I absent-mindedly kicked crushed, empty beer cans into the brush as I walked and nearly gave flight to a crusty old turtle, who poked its head out of its shell just in time to catch my eye. I stopped and watched it scuttle along, flailing towards the centerline, oblivious to the possibility of oncoming traffic, as if it owned the road. The cicadas in the trees buzzed and hissed like a scratchy old record. The turtle meandered across the hot asphalt and the sun beat down on its big boxy shell. I thought Dean Moriarty, speeding down Quince Road on that afternoon, would have rubbed his hands in delight at the sight; he would have called it the beatest old turtle he'd ever seen. A pickup truck whistled past me, headed in the opposite direction. The driver laid on the horn as he passed, either to scare me or to tell me to watch out. All Memphis drivers do that, it seems.
I watched the turtle until its leathery tail disappeared in the tall grass on the other side of the road, then picked up my pace again. A scrap of Robert Johnson wafted off the road. Woke up this morning, feel around for my shoes; you know I got them old walkin' blues. It was easy to invoke Johnson's spirit here, on a country road running through sweeps of high grass, kudzu limbs creeping up the telephone poles. People tell me these walkin' blues ain't bad, it's the worse-off feeling I most ever had. Another pickup sped past; the eerie blare of its horn approaching and receding sounded like a switchblade on a steel-stringed guitar. The cicadas crackled and I kept the time. Woke up this morning, feel around for my shoes.

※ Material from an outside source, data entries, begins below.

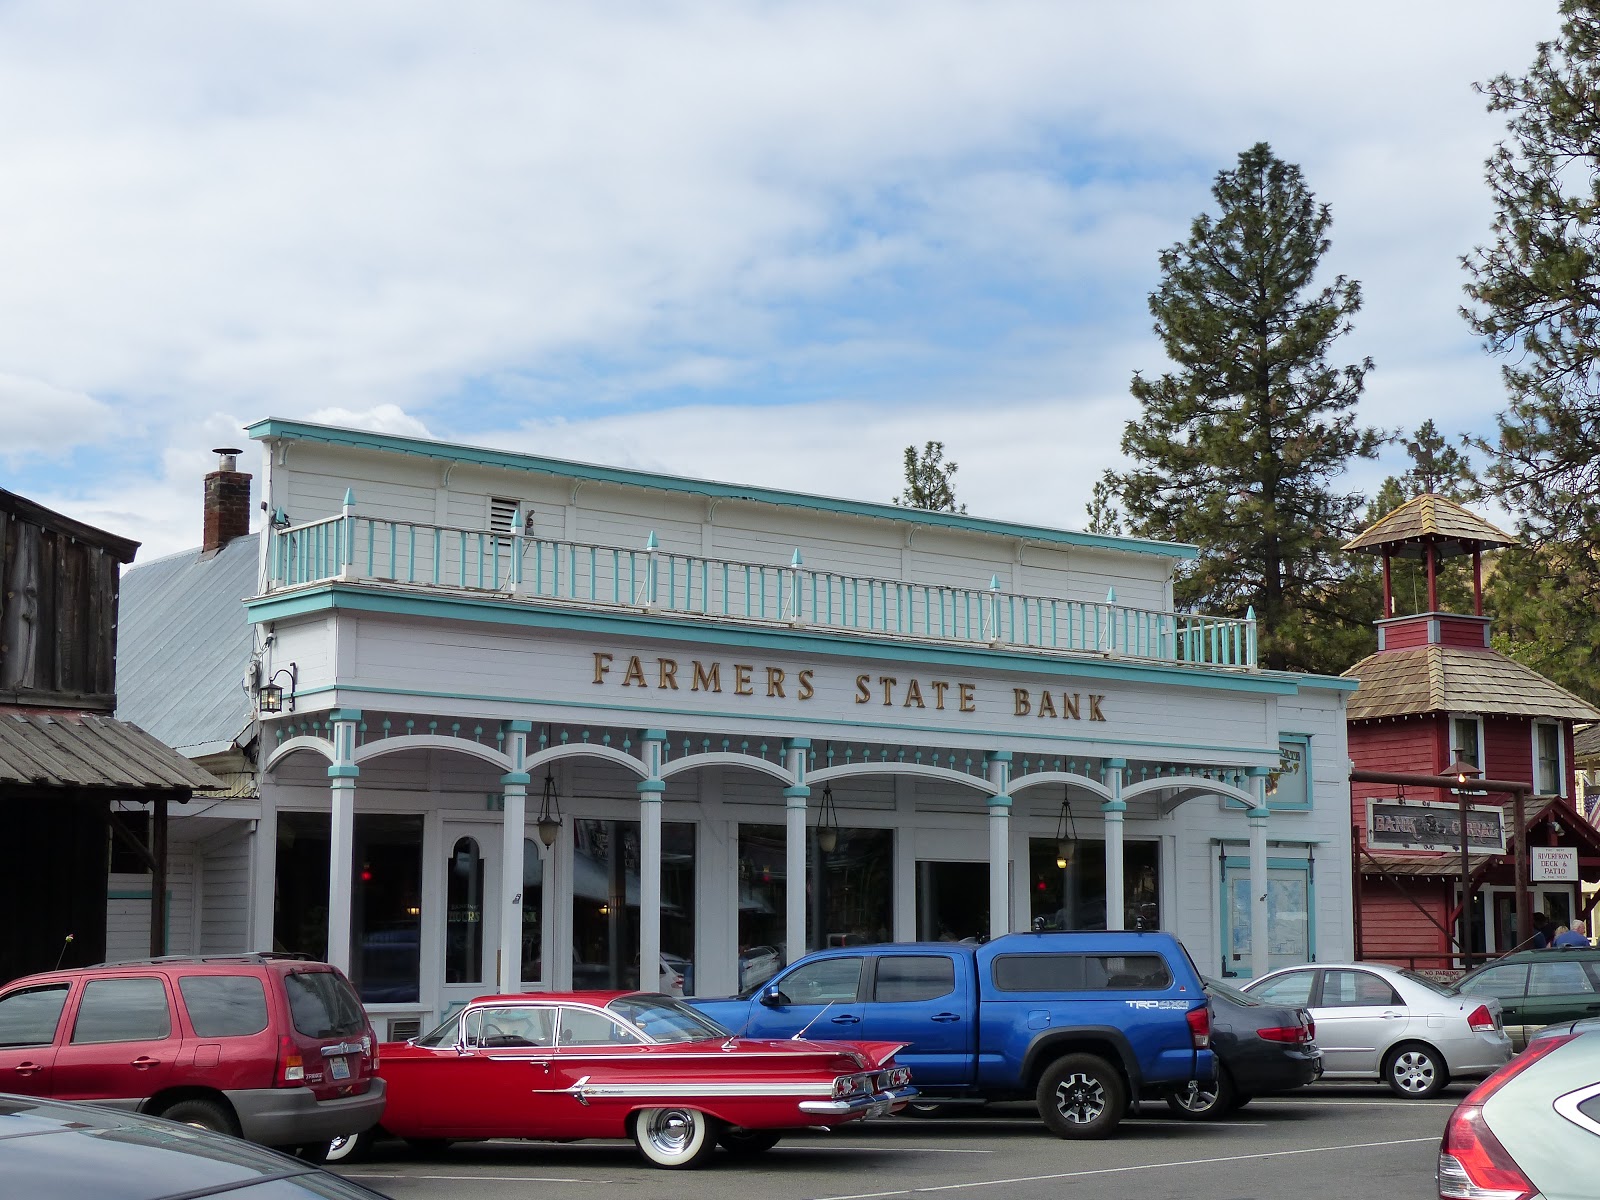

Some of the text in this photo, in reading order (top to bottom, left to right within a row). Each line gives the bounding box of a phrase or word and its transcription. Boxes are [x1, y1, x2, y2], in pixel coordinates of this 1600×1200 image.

[592, 651, 1107, 722] FARMERS STATE BANK
[1374, 814, 1422, 840] BANK
[1537, 852, 1573, 860] RIVERFRONT
[1544, 867, 1566, 875] PATIO
[1125, 1000, 1158, 1009] TRD
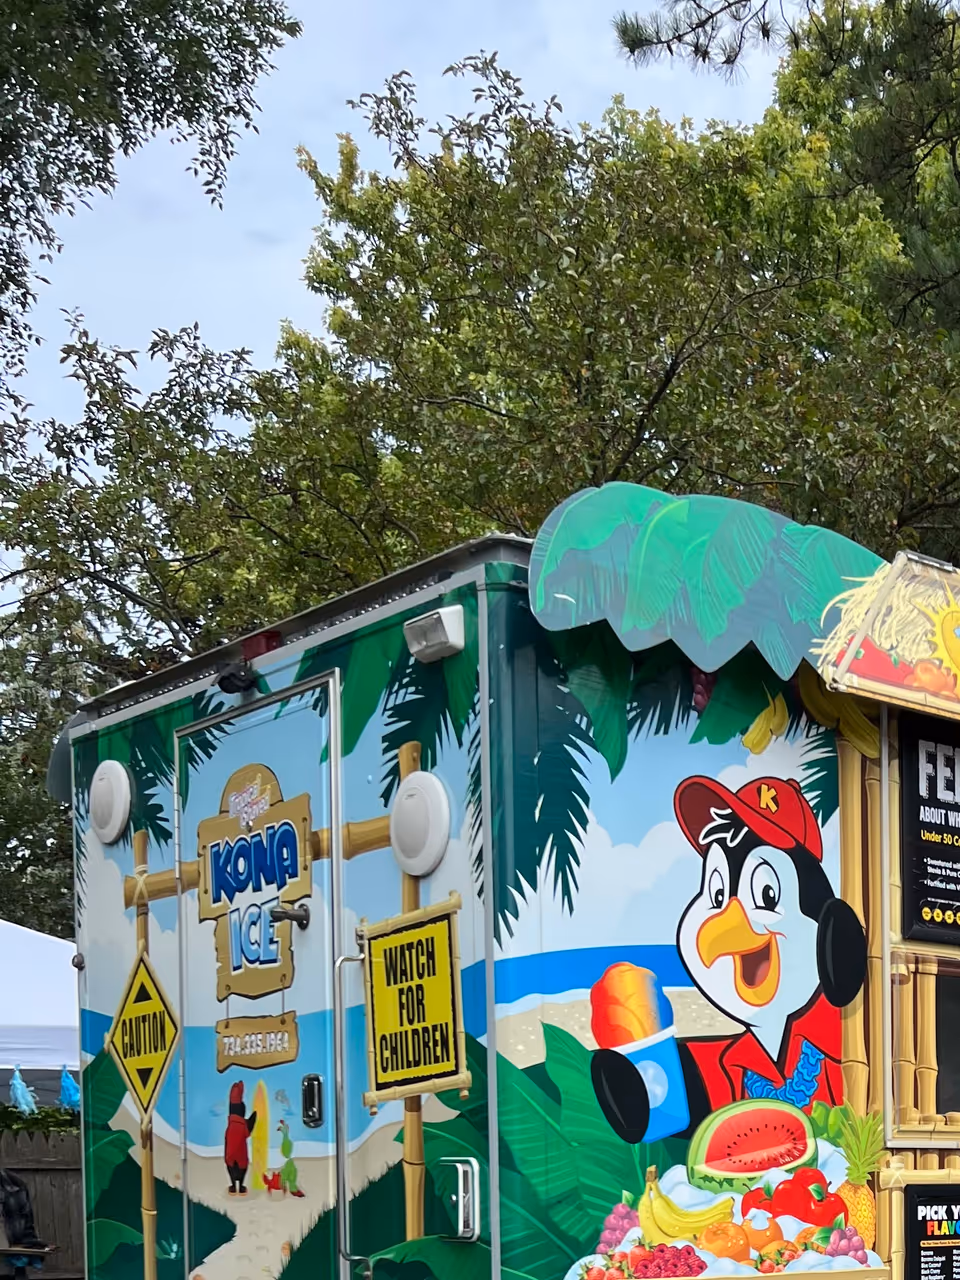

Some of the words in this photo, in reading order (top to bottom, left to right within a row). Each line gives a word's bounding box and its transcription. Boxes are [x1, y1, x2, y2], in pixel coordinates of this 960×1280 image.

[760, 783, 779, 814] K
[919, 806, 946, 825] ABOUT
[921, 829, 942, 843] Under
[943, 834, 952, 844] 50
[209, 820, 299, 904] KONA
[942, 868, 946, 876] &
[947, 870, 957, 878] Pure
[946, 882, 956, 890] with
[228, 897, 282, 976] ICE
[383, 936, 436, 987] WATCH
[398, 983, 425, 1028] FOR
[121, 1010, 167, 1060] CAUTION
[379, 1025, 451, 1075] CHILDREN
[917, 1205, 947, 1221] PICK

I woke up at 6:15 that morning so that I could catch the bus on Poplar at 7:00, so that I could transfer to the 88 line at 7:46, so that I could make it around Winchester and hoof it to the corner of Quince and Kirby (only about ten miles from my house on Marne) by 8:30 for my appointment with the temp agency. Bethany hit the alarm clock on the second ring, rolled over and fell back to sleep. I staggered out of bed in my boxers and scoured the closet for a presentable set of clothes. In three weeks of full-time job searching we had found no one in Memphis who wanted to hire us to do anything. I called every book store, record shop, video store and coffee bar in town--"not hiring, but we're taking applications," "we're hiring, but not you," "why don't you try back in the fall?" Bethany and I were only in town for the summer; we would be gone in a few weeks. The search was further limited by our lack of a car. Any job we looked at had to be reachable by foot, bus or trolley. By this time she--a recent college graduate with the promise of employment in the fall--had resigned from the job search, but I--a starving college student in search of the blues--couldn't afford the same decision. I could hardly afford to live in Memphis, and if I didn't find a job I wouldn't be able to afford to get out of Memphis. The interview with the temp agency seemed like my last hope. I showered and dressed quietly (making sure not to chop my hand in the whir of the ceiling fan as I pulled my shirt over my head) breakfasted, turned on the AC in the living room and popped out the door, locking it behind me.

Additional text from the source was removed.